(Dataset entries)
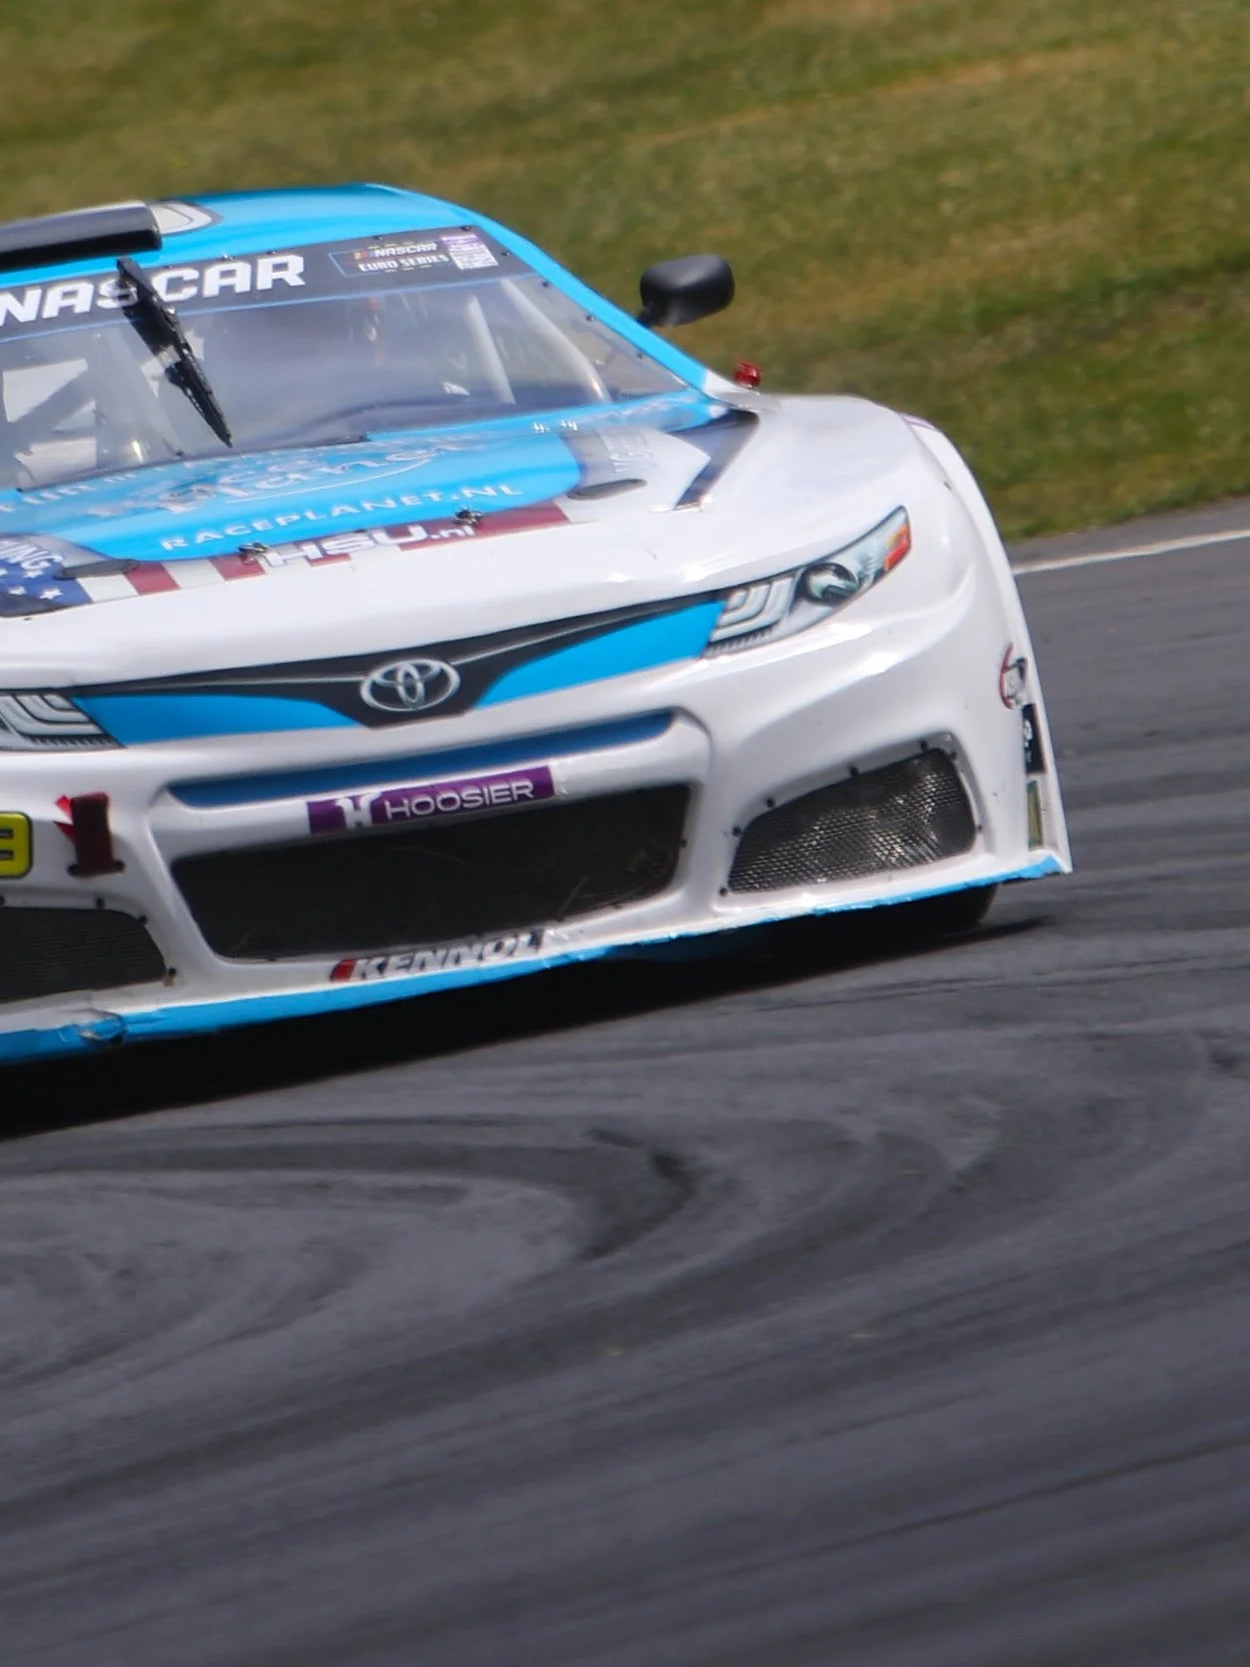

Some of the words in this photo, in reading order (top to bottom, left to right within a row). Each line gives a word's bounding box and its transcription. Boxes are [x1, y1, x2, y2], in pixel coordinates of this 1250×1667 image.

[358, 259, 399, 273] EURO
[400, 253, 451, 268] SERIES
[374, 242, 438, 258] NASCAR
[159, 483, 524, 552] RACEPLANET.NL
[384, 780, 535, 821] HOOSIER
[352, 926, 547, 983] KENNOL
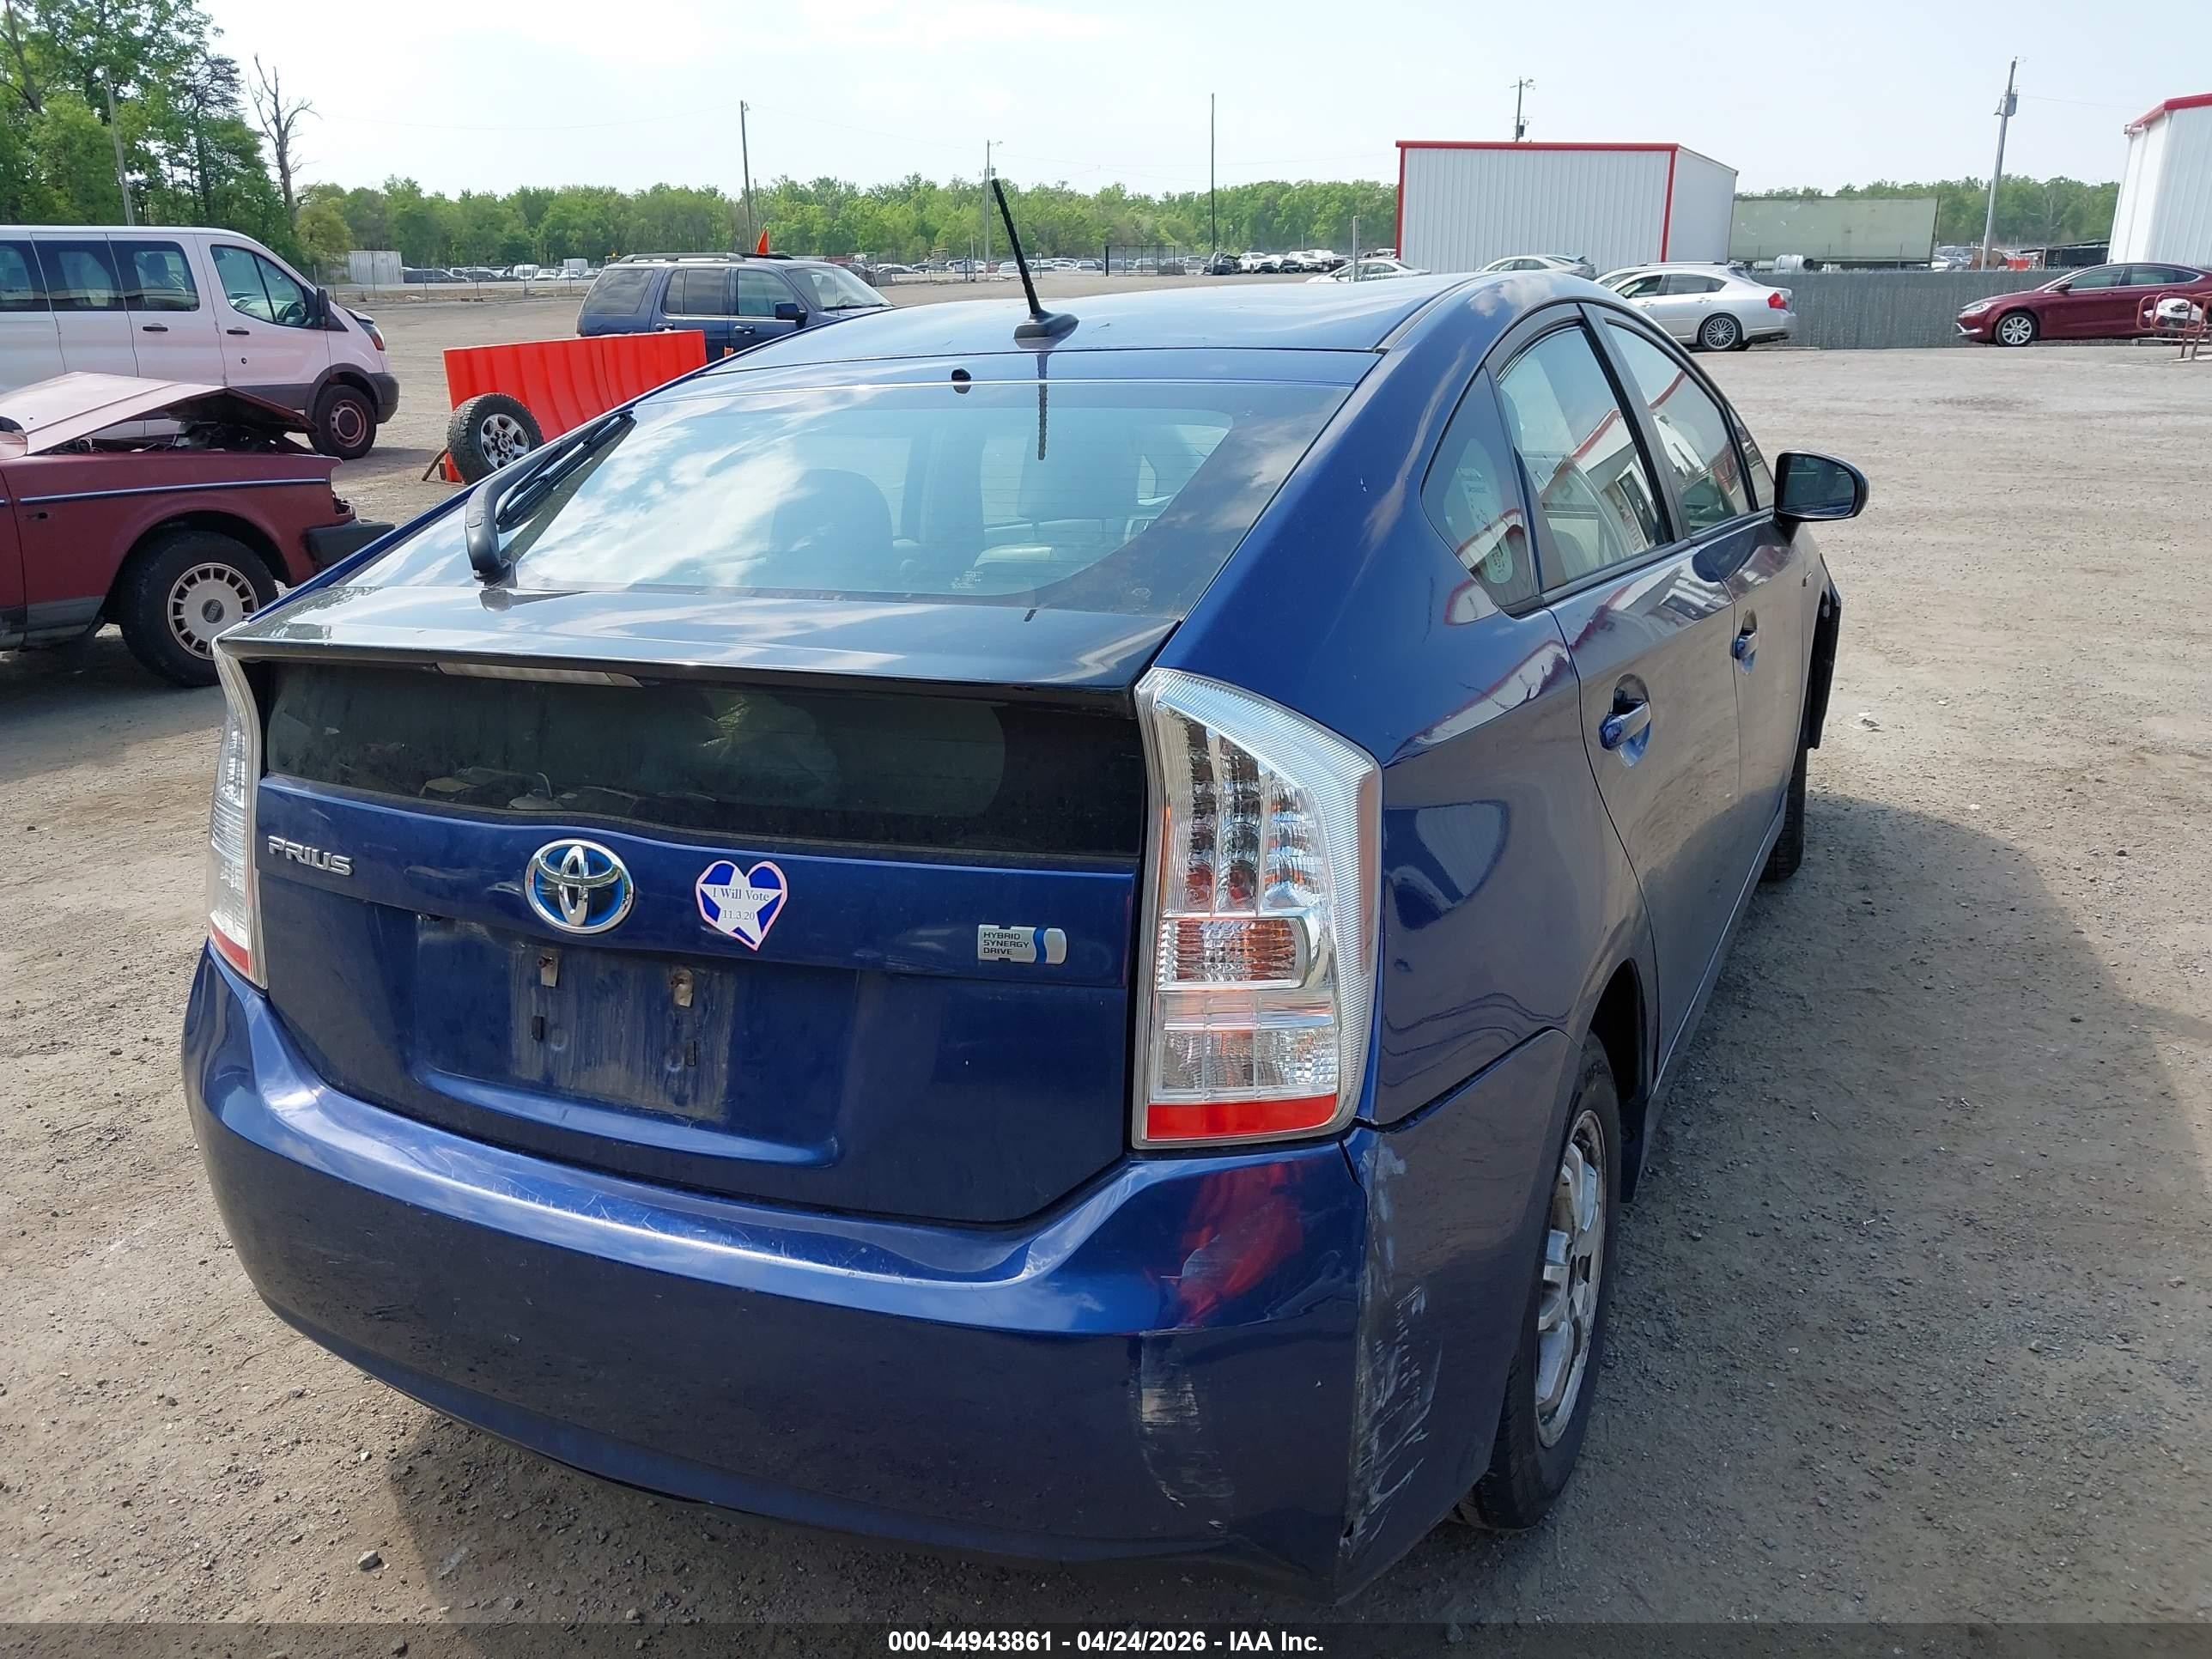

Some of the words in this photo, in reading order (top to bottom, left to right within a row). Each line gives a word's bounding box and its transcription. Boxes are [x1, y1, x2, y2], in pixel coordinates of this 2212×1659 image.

** What to do **
Are you able to set down all the lines above exactly, without any pictures?

** Result **
Some of the words in this photo, in reading order (top to bottom, left to right within a row). Each line gives a word's bounding box and its transcription. Boxes are [x1, y1, x2, y2], in pixel coordinates of this 1250×1667 image.

[358, 259, 399, 273] EURO
[400, 253, 451, 268] SERIES
[374, 242, 438, 258] NASCAR
[159, 483, 524, 552] RACEPLANET.NL
[384, 780, 535, 821] HOOSIER
[352, 926, 547, 983] KENNOL

Some of the words in this photo, in reading order (top to bottom, left to right within a row). Each line gives a word's bounding box and its transcription. Boxes are [x1, y1, x2, y2], in pixel coordinates of this 2212×1659 image.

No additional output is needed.